--- START ---
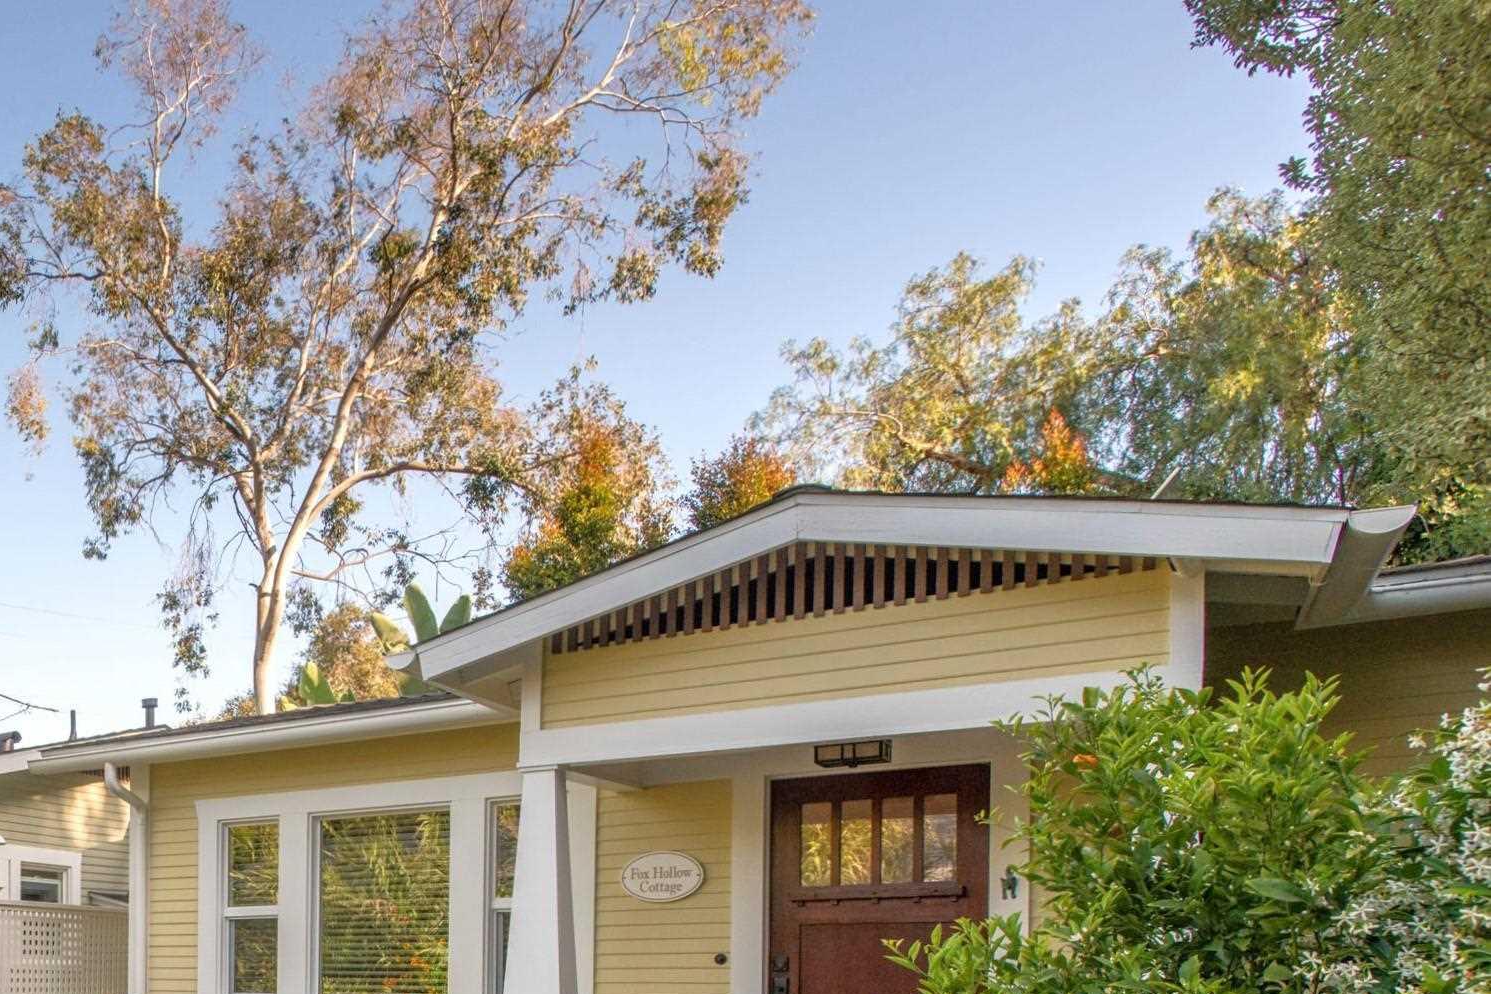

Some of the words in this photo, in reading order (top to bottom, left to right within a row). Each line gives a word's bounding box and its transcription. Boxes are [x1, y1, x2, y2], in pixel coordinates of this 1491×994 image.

[631, 867, 650, 880] Fox
[653, 865, 692, 879] Hollow
[639, 881, 683, 895] Cottage
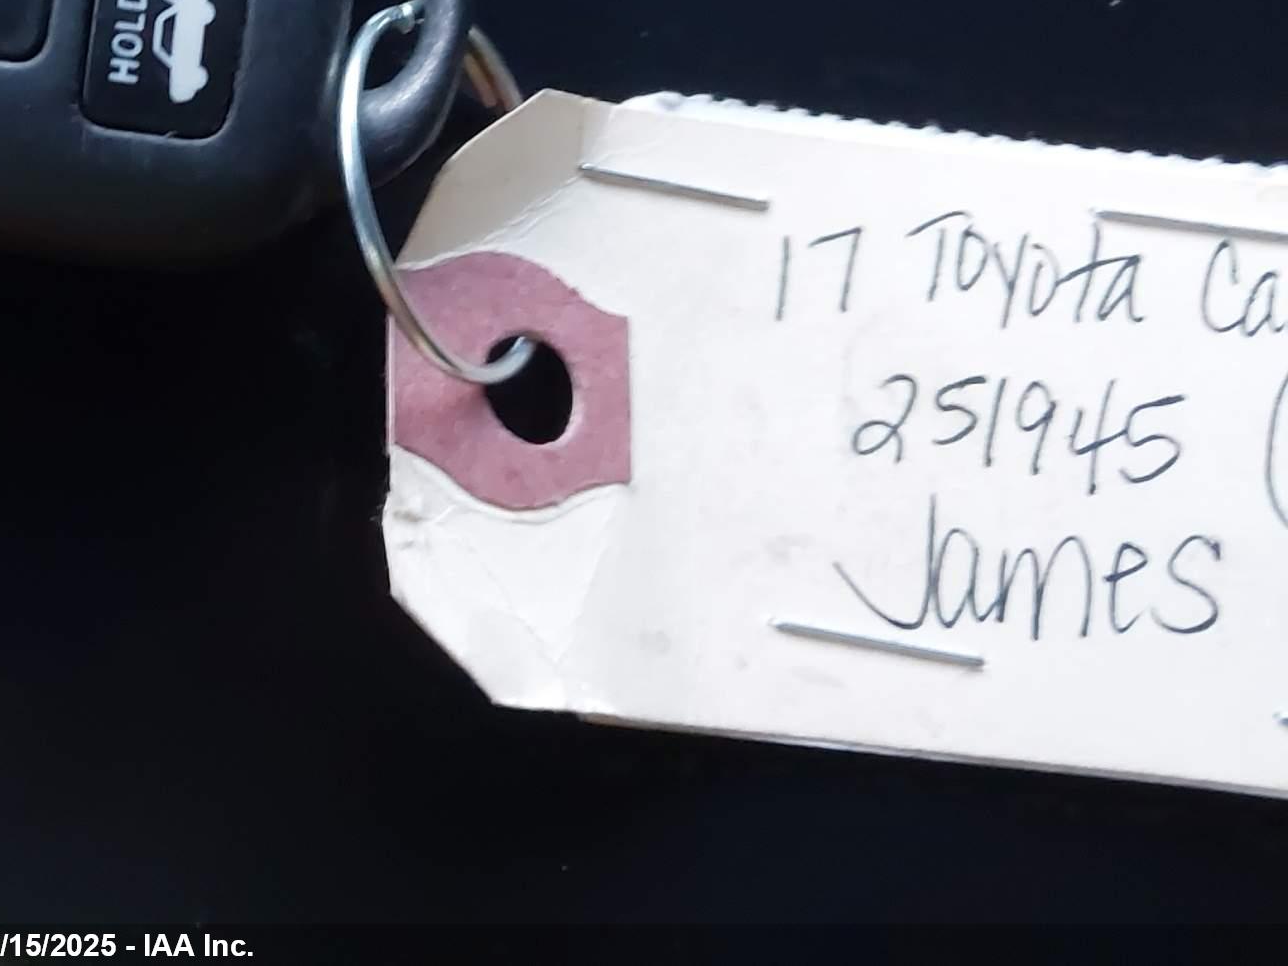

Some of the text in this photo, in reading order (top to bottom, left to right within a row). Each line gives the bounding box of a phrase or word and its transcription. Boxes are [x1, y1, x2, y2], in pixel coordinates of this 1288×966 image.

[774, 228, 863, 321] 17
[906, 210, 1146, 328] Toyota
[852, 373, 1186, 494] 251945
[832, 494, 1224, 641] James
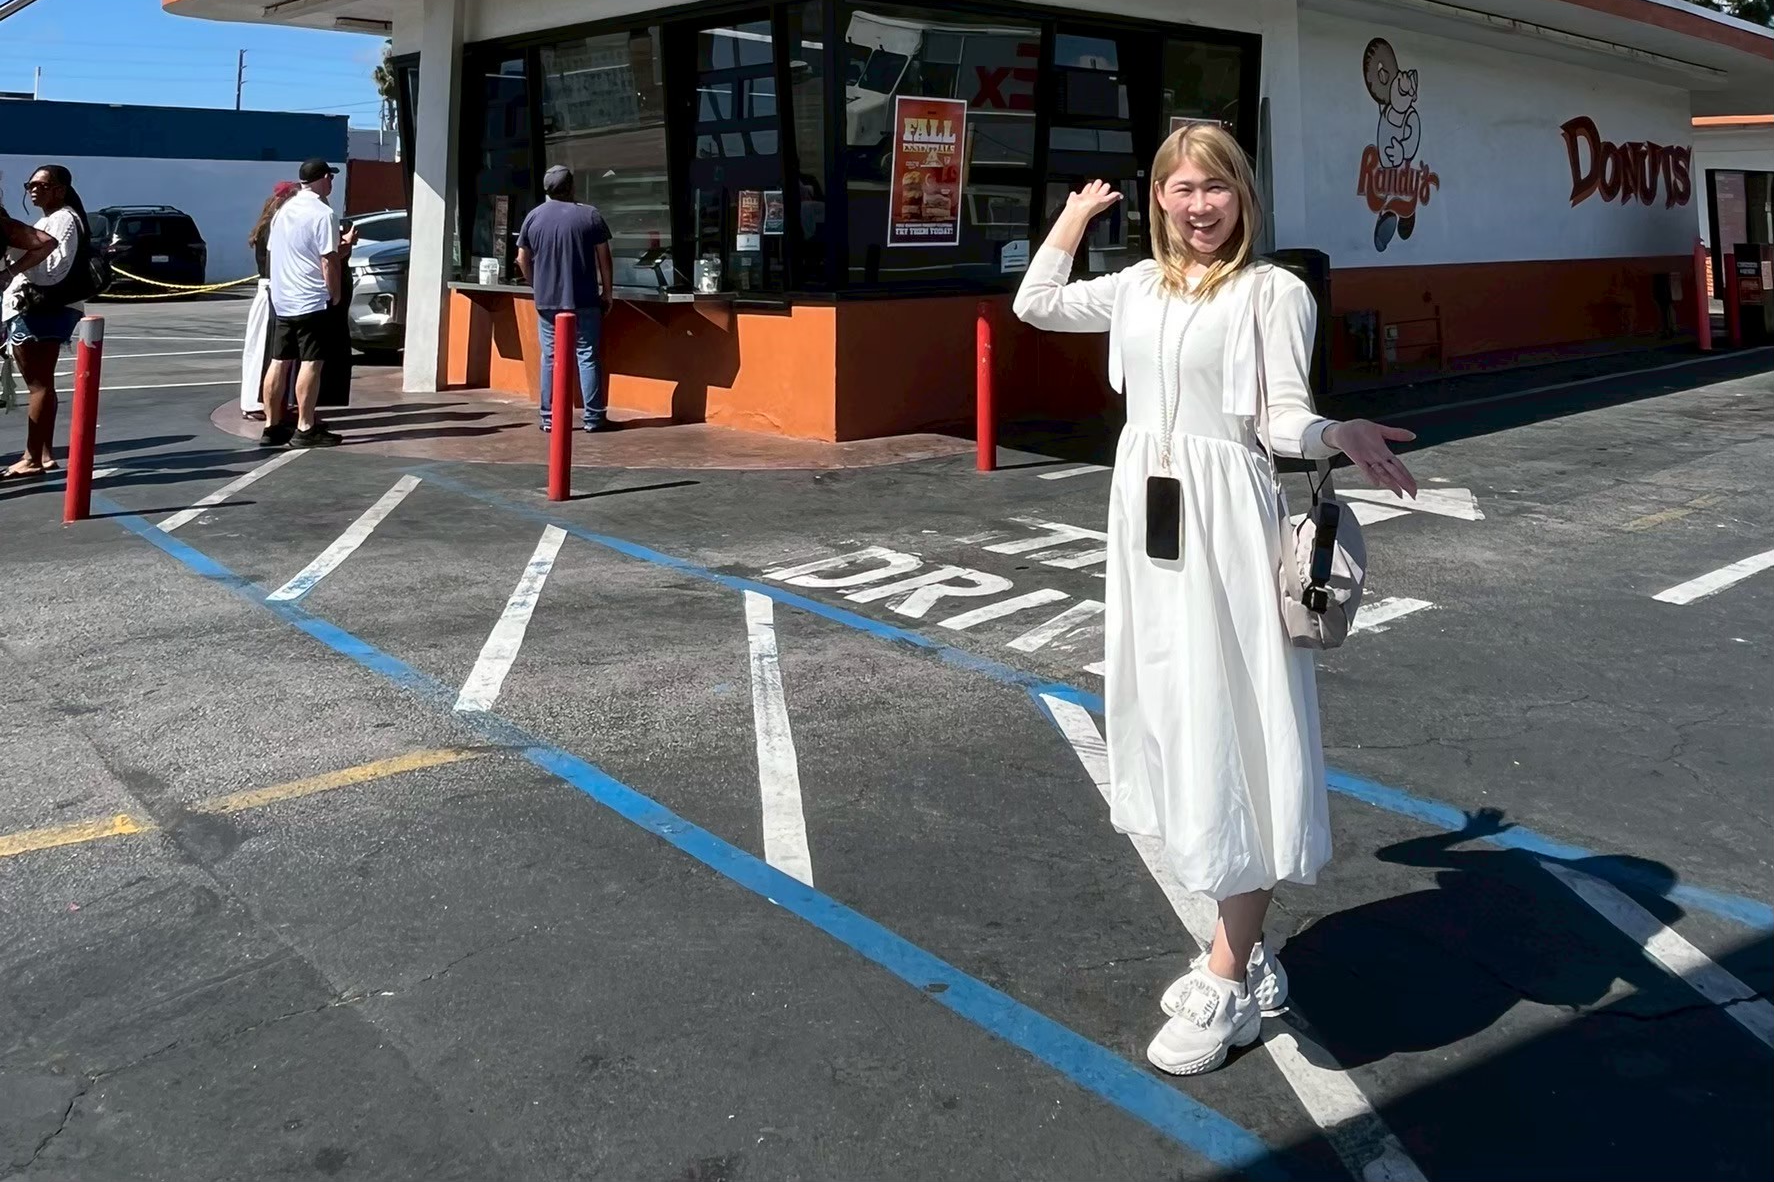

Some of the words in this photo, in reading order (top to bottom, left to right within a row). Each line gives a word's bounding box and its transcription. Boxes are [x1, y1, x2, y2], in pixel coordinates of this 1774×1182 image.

[903, 118, 957, 143] FALL
[1560, 116, 1692, 209] DONUTS
[1357, 144, 1440, 218] Randy's
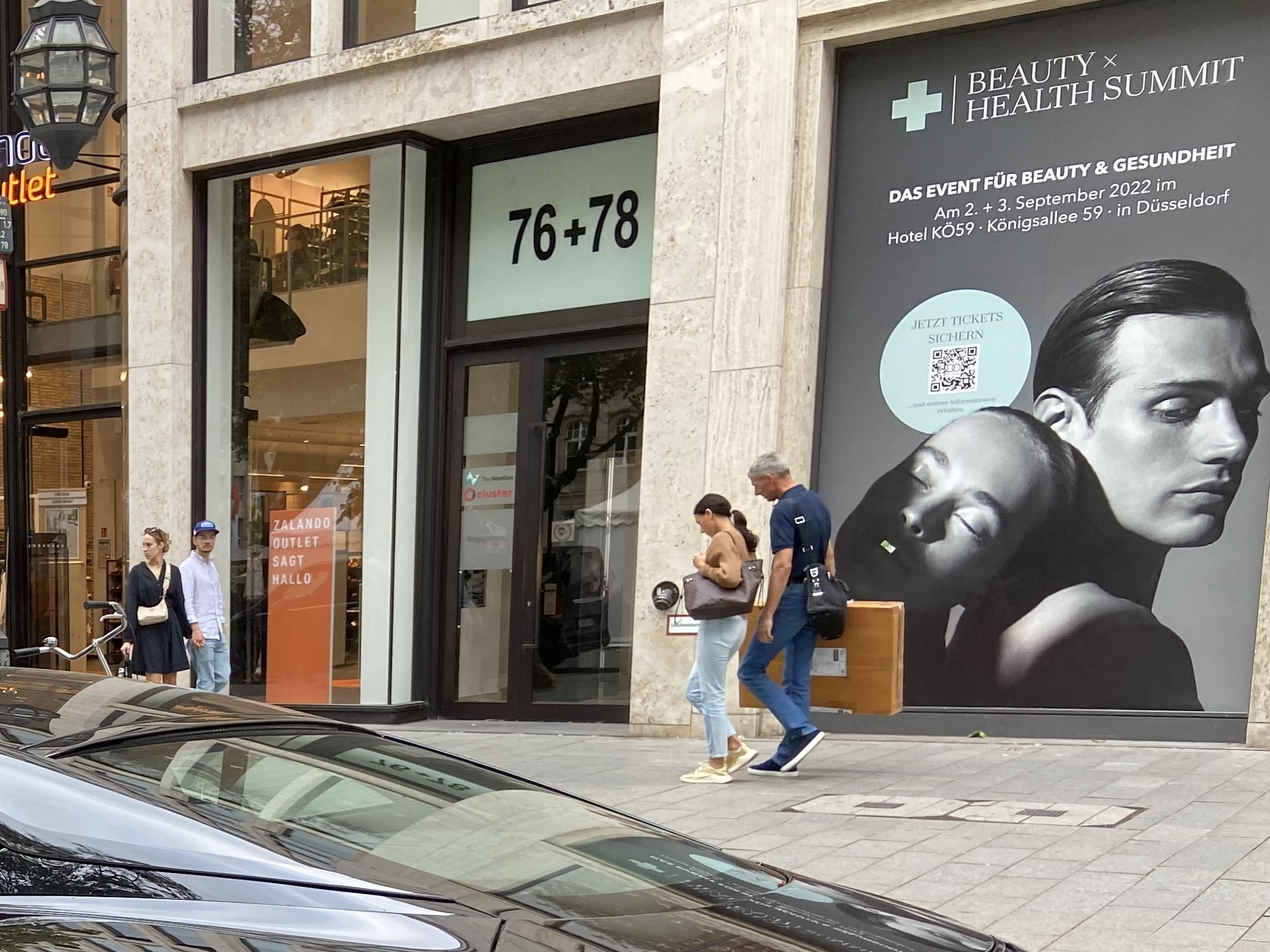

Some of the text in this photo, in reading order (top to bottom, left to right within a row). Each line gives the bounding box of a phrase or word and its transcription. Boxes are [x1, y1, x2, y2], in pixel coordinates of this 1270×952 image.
--- END ---
* TASK DETAILS: The result should be an exact repetition of all the records. Drop the pictures.

* SOLUTION:
Some of the words in this photo, in reading order (top to bottom, left to right within a row). Each line gives a word's bounding box and its transcription. Boxes are [x1, y1, x2, y2], in pixel coordinates of this 1491×994 image.

[631, 867, 650, 880] Fox
[653, 865, 692, 879] Hollow
[639, 881, 683, 895] Cottage

Some of the text in this photo, in reading order (top to bottom, left to right within a row). Each line gives the bounding box of a phrase or word and its transcription. Boxes are [x1, y1, x2, y2], in pixel coordinates of this 1288×966 image.

[774, 228, 863, 321] 17
[906, 210, 1146, 328] Toyota
[852, 373, 1186, 494] 251945
[832, 494, 1224, 641] James

Some of the words in this photo, in reading order (top to bottom, left to right within a row). Each line gives a word's bounding box and its transcription. Boxes are [x1, y1, x2, y2], in pixel coordinates of this 1774×1182 image.

[903, 118, 957, 143] FALL
[1560, 116, 1692, 209] DONUTS
[1357, 144, 1440, 218] Randy's

Some of the text in this photo, in reading order (top to bottom, left to right within a row). Each line gives the bounding box of a phrase or word and its transcription. Boxes are [x1, y1, x2, y2], in pixel coordinates of this 1270×952 image.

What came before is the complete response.